Task objective: Every record below is to be retyped exactly, with the pictures left out.

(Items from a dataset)

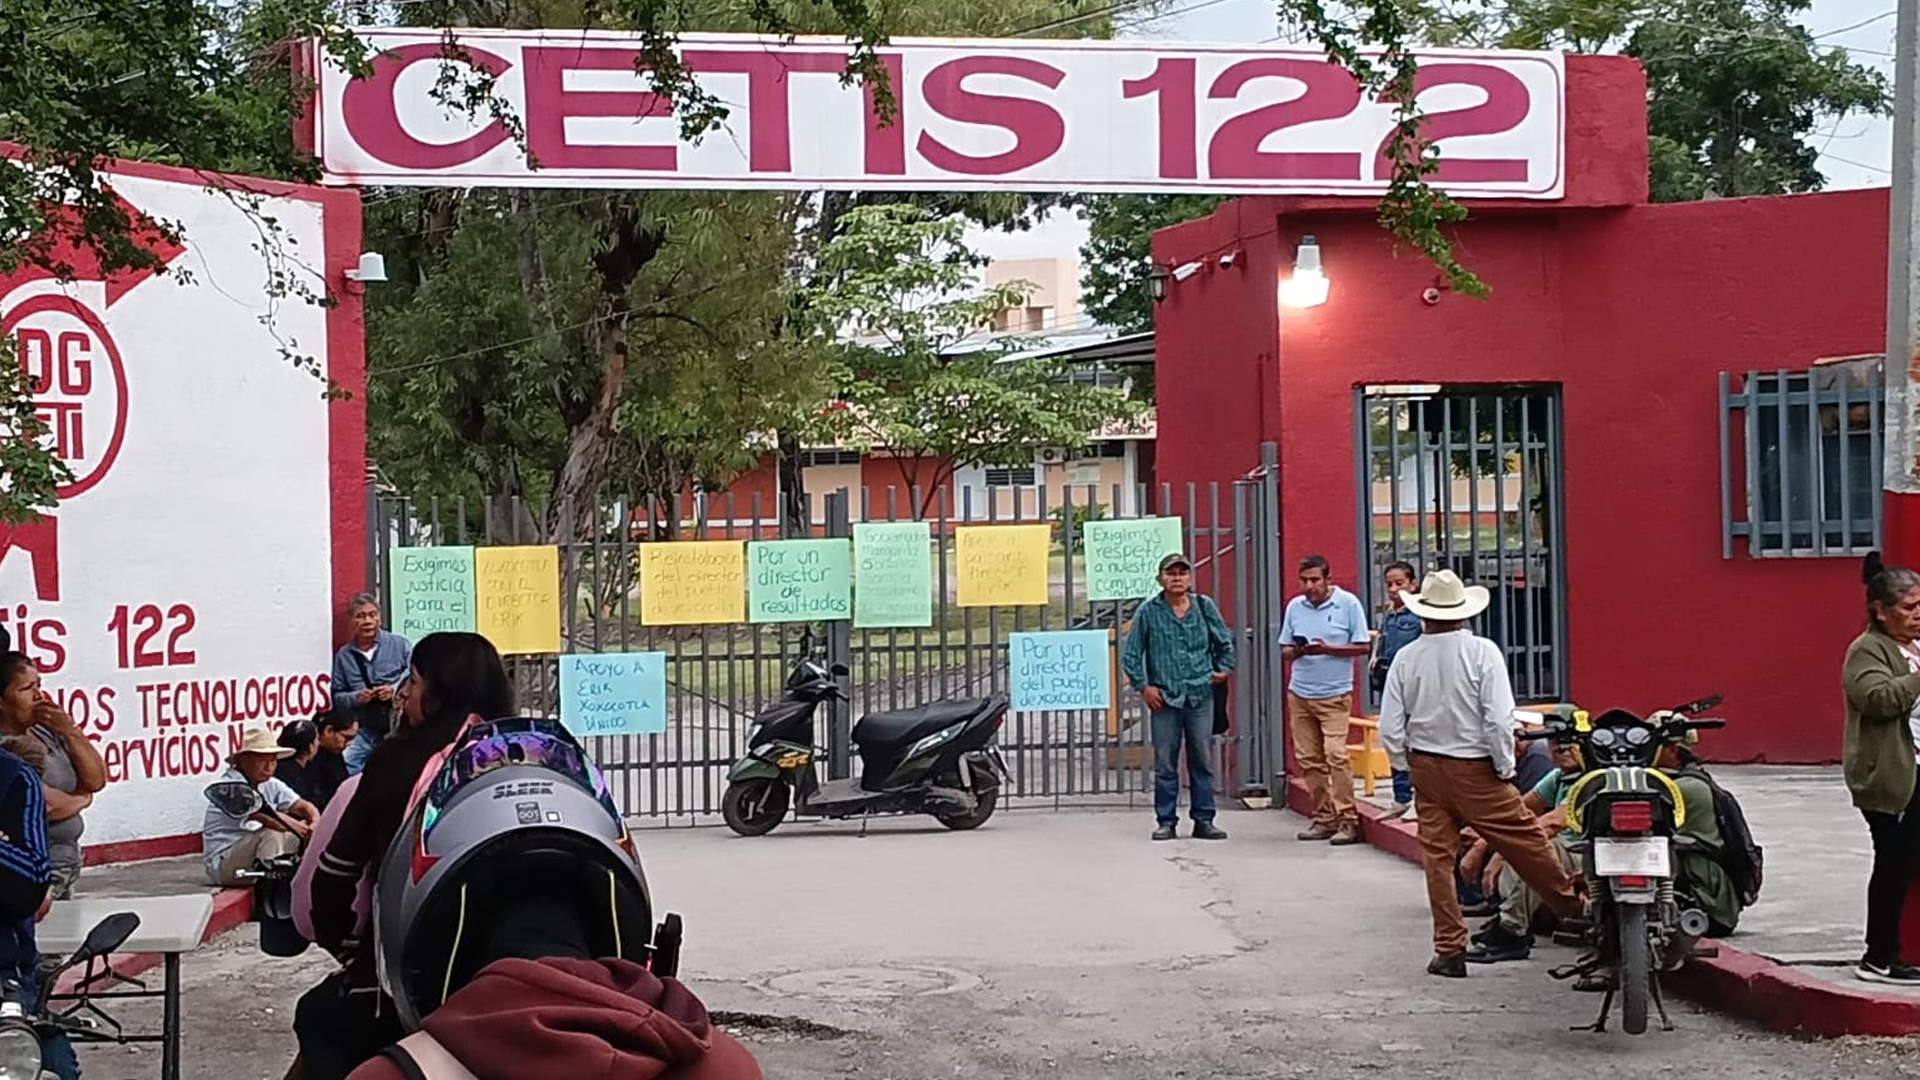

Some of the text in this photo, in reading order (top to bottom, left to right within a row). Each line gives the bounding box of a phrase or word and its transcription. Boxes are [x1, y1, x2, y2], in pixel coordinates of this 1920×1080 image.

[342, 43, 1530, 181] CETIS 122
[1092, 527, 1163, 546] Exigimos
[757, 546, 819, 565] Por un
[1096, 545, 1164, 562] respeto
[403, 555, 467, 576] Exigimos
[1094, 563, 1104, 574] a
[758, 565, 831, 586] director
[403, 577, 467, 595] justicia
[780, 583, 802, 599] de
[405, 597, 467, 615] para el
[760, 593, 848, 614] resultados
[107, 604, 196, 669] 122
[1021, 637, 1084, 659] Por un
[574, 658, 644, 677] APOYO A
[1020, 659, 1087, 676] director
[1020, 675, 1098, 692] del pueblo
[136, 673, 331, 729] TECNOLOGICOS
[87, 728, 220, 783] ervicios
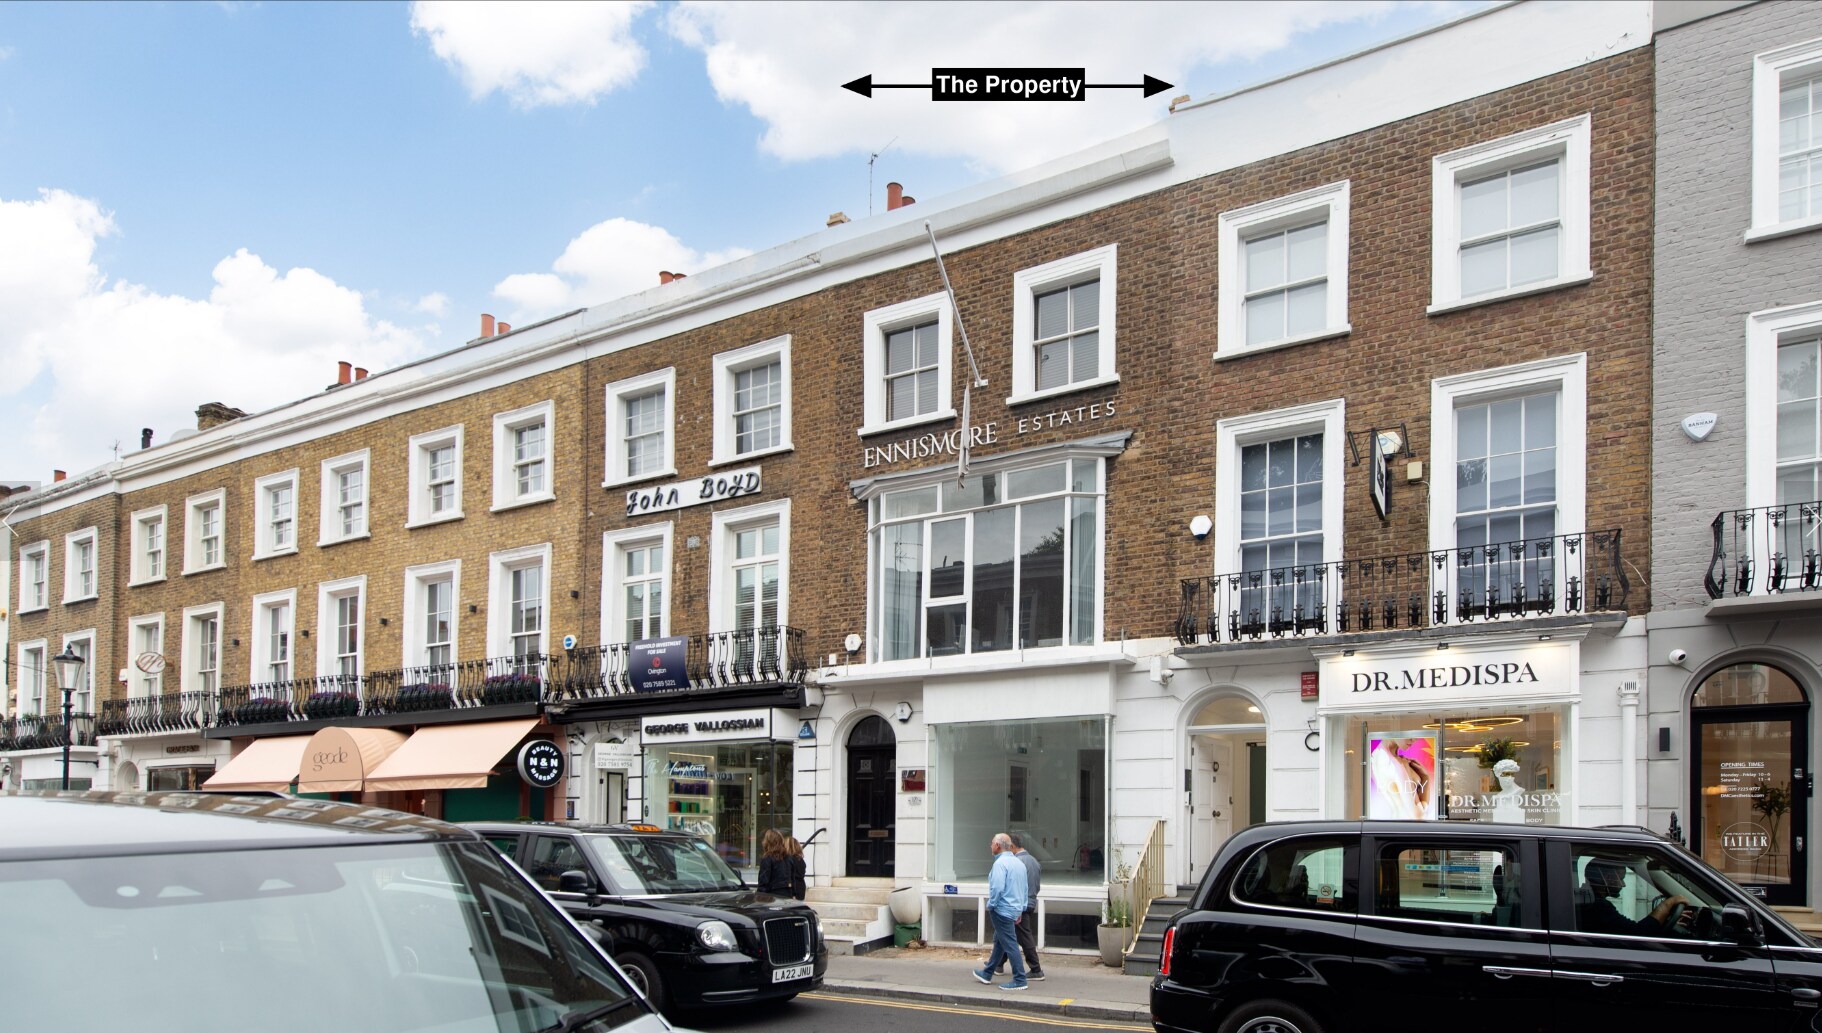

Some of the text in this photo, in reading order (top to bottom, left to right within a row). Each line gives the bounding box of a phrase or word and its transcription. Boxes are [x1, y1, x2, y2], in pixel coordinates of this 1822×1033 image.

Answer for the task:
Some of the text in this photo, in reading order (top to bottom, left to right within a row). Each line gives the bounding box of a phrase or word and its transcription. Boxes are [x1, y1, x2, y2], in pixel coordinates of this 1920×1080 image.

[342, 43, 1530, 181] CETIS 122
[1092, 527, 1163, 546] Exigimos
[757, 546, 819, 565] Por un
[1096, 545, 1164, 562] respeto
[403, 555, 467, 576] Exigimos
[1094, 563, 1104, 574] a
[758, 565, 831, 586] director
[403, 577, 467, 595] justicia
[780, 583, 802, 599] de
[405, 597, 467, 615] para el
[760, 593, 848, 614] resultados
[107, 604, 196, 669] 122
[1021, 637, 1084, 659] Por un
[574, 658, 644, 677] APOYO A
[1020, 659, 1087, 676] director
[1020, 675, 1098, 692] del pueblo
[136, 673, 331, 729] TECNOLOGICOS
[87, 728, 220, 783] ervicios

Some of the text in this photo, in reading order (top to bottom, left to right within a row). Each line gives the bounding box of a phrase or word and its transcription. Boxes are [x1, y1, x2, y2], in pixel coordinates of this 1822×1033 image.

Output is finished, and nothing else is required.